Boris Johnson’s blue wall under threat from political fracturing
The election win in the UK shows how vulnerable conservatives are. In London, Chesham and Amersham lost to the Conservatives to the Liberal Democrats by the astonishing swing of 25 per cent. A conservative since 1974, Sarah Green won the seat by more than 8,000 votes. It was a contest sparked by the death of veteran MP and former Welsh Secretary Cheryl Gillan. However, Chris Curtis, a pollster for Opinium and native of nearby Milton Keynes, said it was all bonkers and you would not see this happening in general if you grew up around here.
As Joe Harris, from Cotswold District Council, says, the feeling is that if immigration is the issue on which people feel left behind in the red wall and similar seats, then planning is the issue on which people feel ignored in the affluent south in traditionally Tory areas. Adding to it Robin Stephens, who is running for a council seat in Esher, states that he running on local issues, particularly about planning. But time and again he hears that people who usually vote Tory think that the Conservatives don’t care about their concerns which are not true actually. He backed up by saying that it just proves that politics can’t stretch its appeal forever. Do well in London, you lose the north, and vice versa. You may not be able to keep both.

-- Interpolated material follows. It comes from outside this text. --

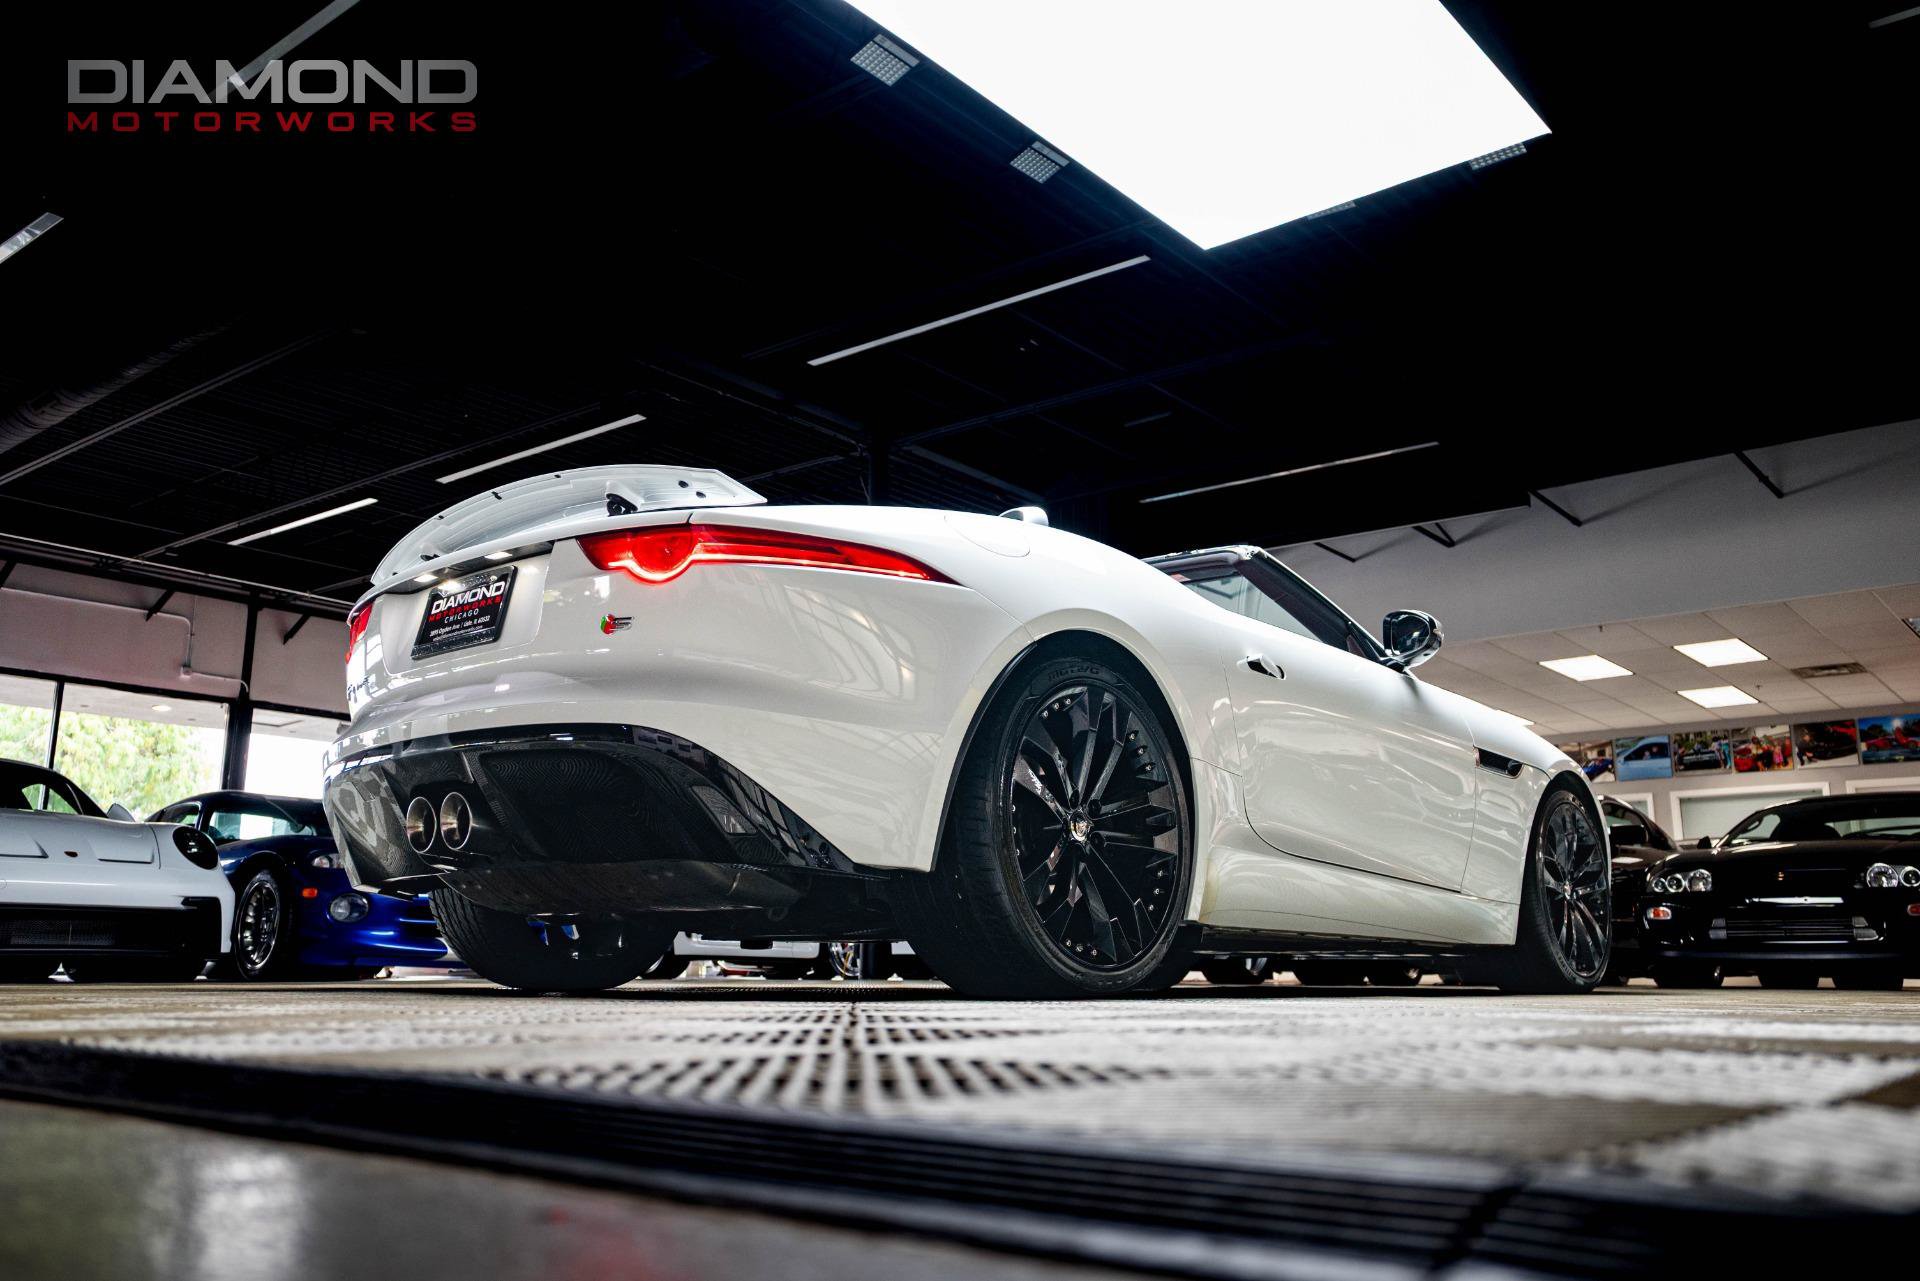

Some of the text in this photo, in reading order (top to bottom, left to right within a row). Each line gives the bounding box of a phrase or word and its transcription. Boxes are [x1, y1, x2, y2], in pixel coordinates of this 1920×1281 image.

[427, 595, 503, 622] MOTORWORKS
[431, 581, 506, 614] DIAMOND
[444, 608, 480, 624] CHICAGO
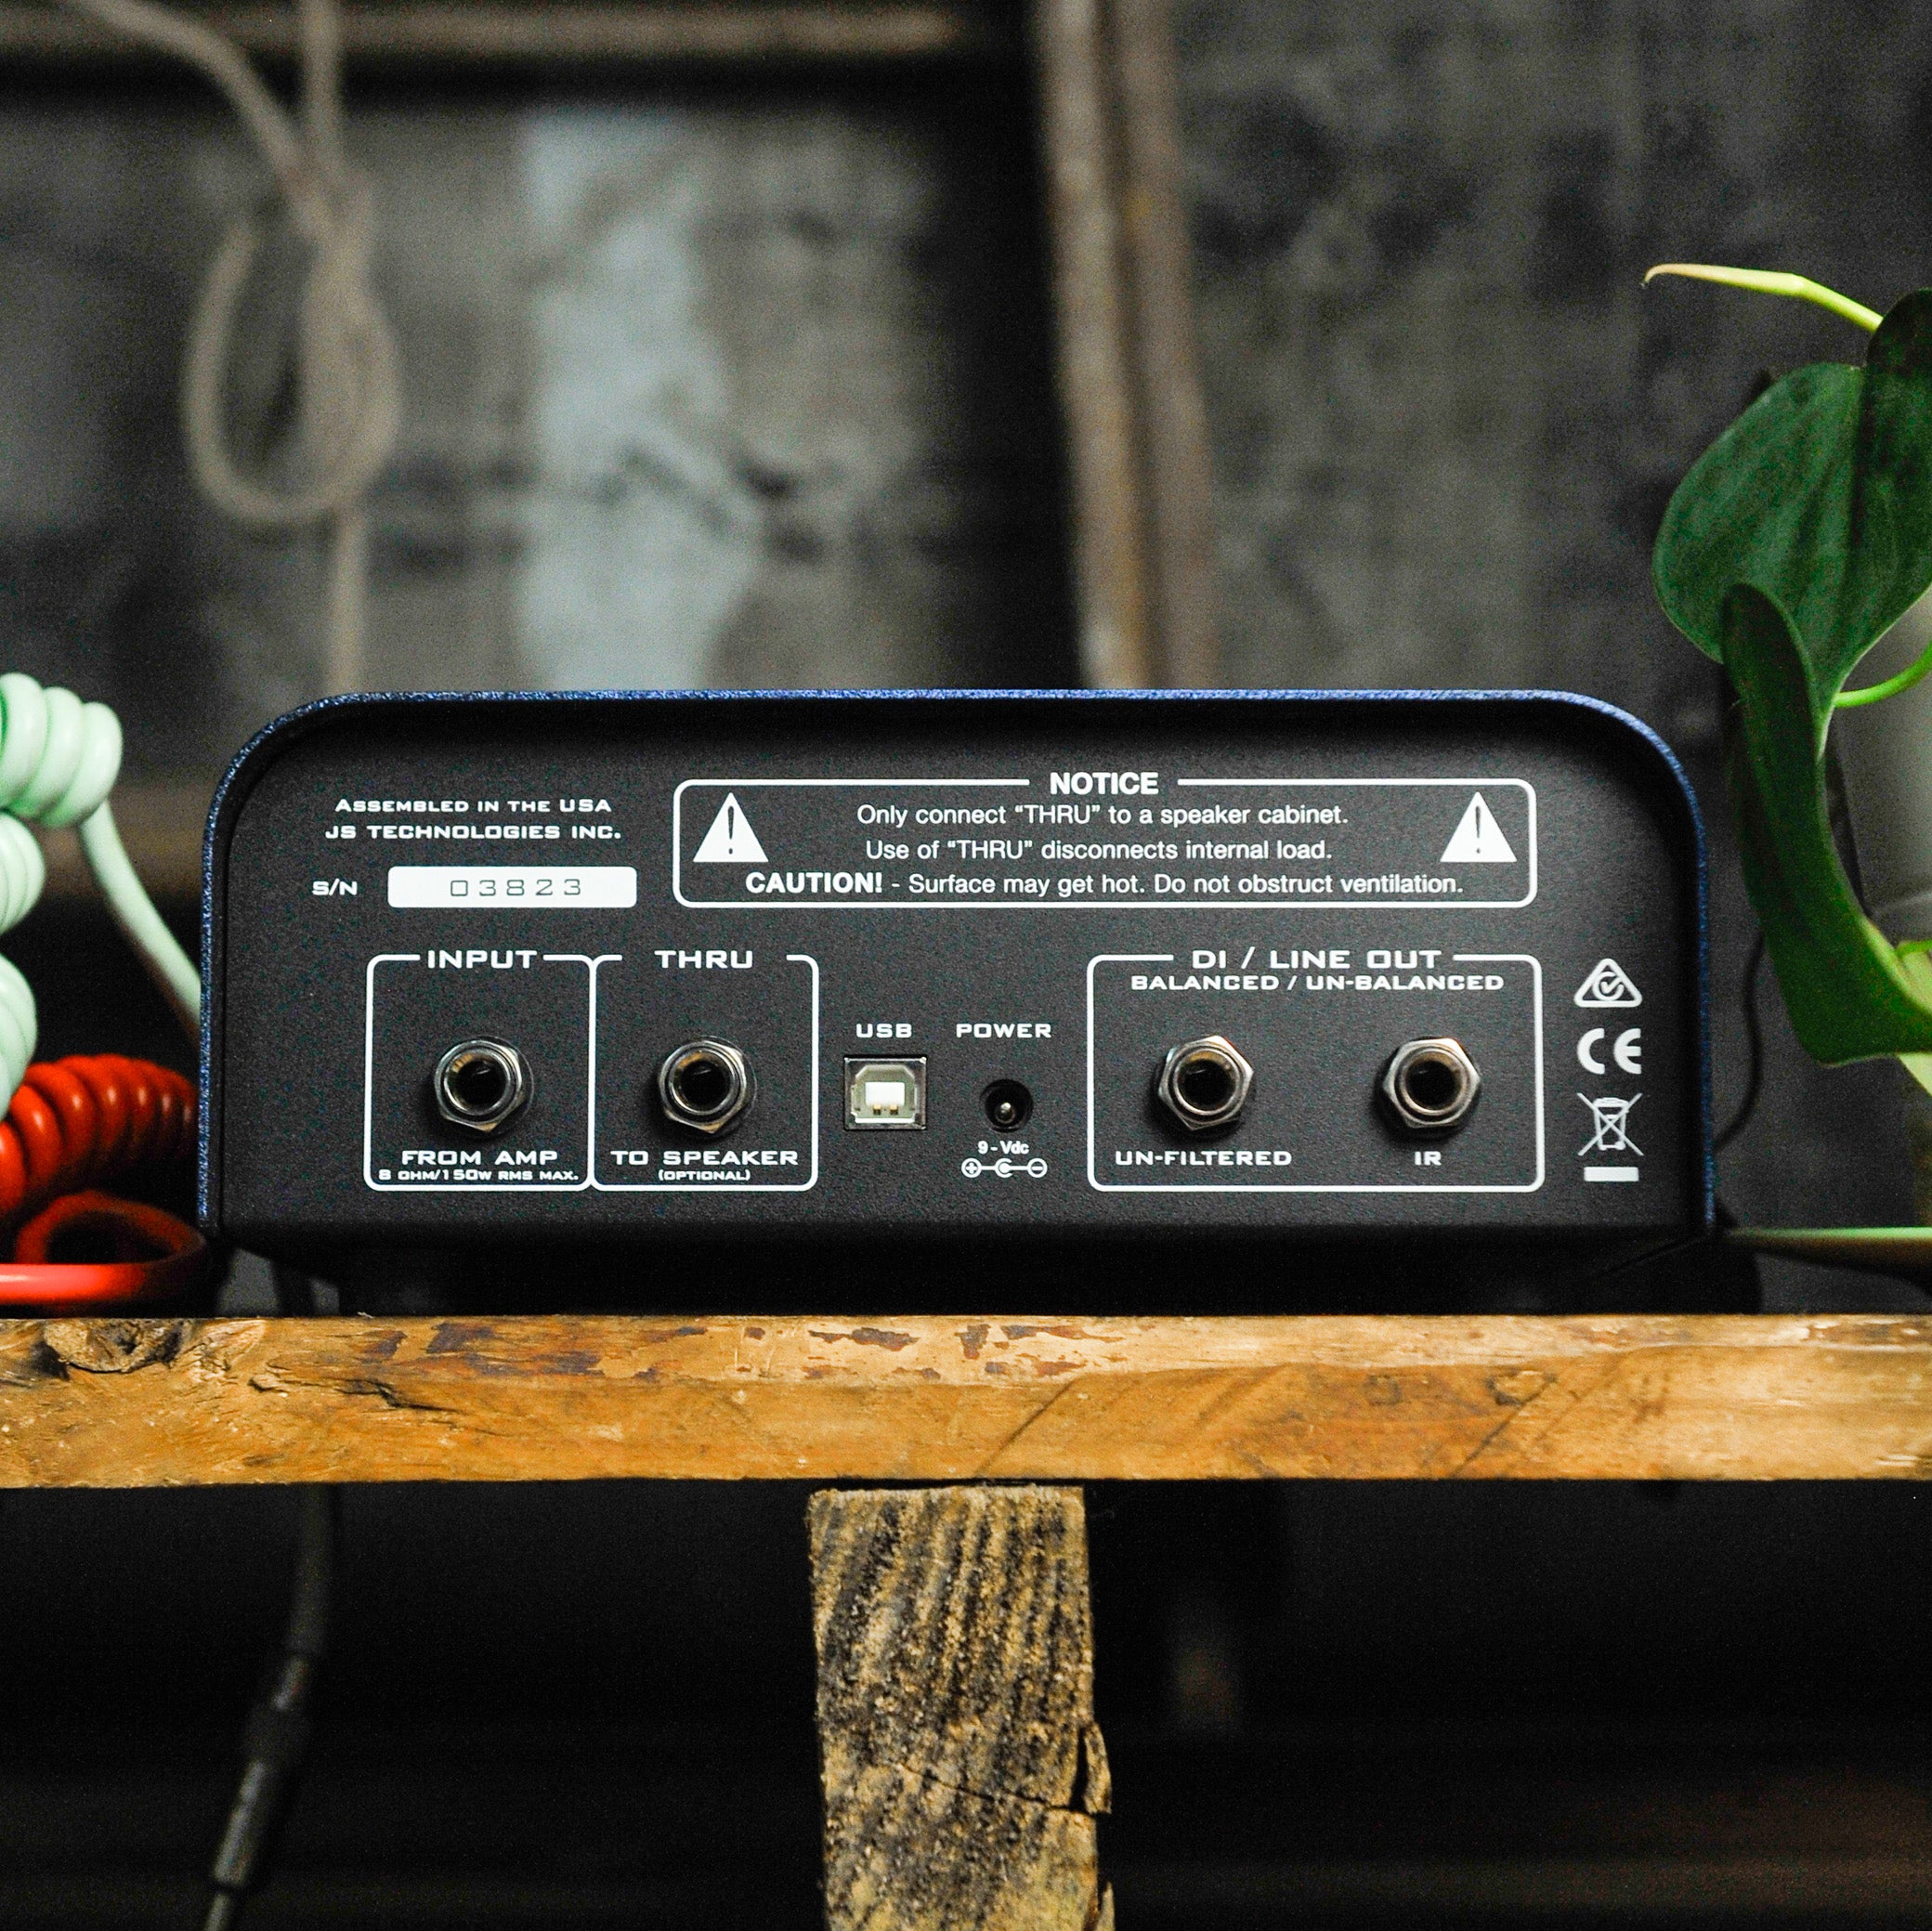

A Conservative MP predicted it would prompt a rethink of planning reforms, which are still being fine-tuned but the result of this kind has encouraged more work on that. The prime minister’s spokesman was forced to deny that Johnson is anti-south following the result. He insisted that the prime minister’s flagship policy of levelling up, or reducing inequality of life chances, applies absolutely everywhere in the country and should be regarded with sincerity irrespective of personal regional state wins.